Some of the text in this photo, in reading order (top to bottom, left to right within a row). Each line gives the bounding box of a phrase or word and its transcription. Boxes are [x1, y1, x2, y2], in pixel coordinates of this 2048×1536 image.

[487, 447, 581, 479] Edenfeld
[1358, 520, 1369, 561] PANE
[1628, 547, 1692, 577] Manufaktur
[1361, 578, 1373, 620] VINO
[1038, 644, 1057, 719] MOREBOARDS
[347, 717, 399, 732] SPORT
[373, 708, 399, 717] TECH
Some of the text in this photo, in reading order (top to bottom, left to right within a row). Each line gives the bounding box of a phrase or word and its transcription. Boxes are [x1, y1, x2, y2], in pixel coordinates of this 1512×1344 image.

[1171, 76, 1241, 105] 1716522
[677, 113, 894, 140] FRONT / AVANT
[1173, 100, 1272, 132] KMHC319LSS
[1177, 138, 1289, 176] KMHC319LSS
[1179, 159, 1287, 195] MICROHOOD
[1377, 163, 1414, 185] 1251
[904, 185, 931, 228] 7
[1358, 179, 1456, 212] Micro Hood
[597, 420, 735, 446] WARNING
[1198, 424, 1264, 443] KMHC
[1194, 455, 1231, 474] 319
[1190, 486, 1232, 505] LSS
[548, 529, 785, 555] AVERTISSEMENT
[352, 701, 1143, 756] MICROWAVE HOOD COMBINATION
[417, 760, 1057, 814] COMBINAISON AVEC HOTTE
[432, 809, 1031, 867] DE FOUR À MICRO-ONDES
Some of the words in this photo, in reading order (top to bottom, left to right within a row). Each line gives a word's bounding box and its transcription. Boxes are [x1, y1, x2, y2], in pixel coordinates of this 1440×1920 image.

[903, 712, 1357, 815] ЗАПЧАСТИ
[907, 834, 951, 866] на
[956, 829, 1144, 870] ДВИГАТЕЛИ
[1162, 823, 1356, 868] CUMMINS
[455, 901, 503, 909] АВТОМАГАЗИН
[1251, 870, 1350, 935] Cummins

### THE PROBLEM
Please write out, exactly as they appear, the line that contains "Some of the words" and every line after it up to the end of the entries above, and no others.

### SOLUTION FOR THIS TASK
Some of the words in this photo, in reading order (top to bottom, left to right within a row). Each line gives a word's bounding box and its transcription. Boxes are [x1, y1, x2, y2], in pixel coordinates of this 1440×1920 image.

[903, 712, 1357, 815] ЗАПЧАСТИ
[907, 834, 951, 866] на
[956, 829, 1144, 870] ДВИГАТЕЛИ
[1162, 823, 1356, 868] CUMMINS
[455, 901, 503, 909] АВТОМАГАЗИН
[1251, 870, 1350, 935] Cummins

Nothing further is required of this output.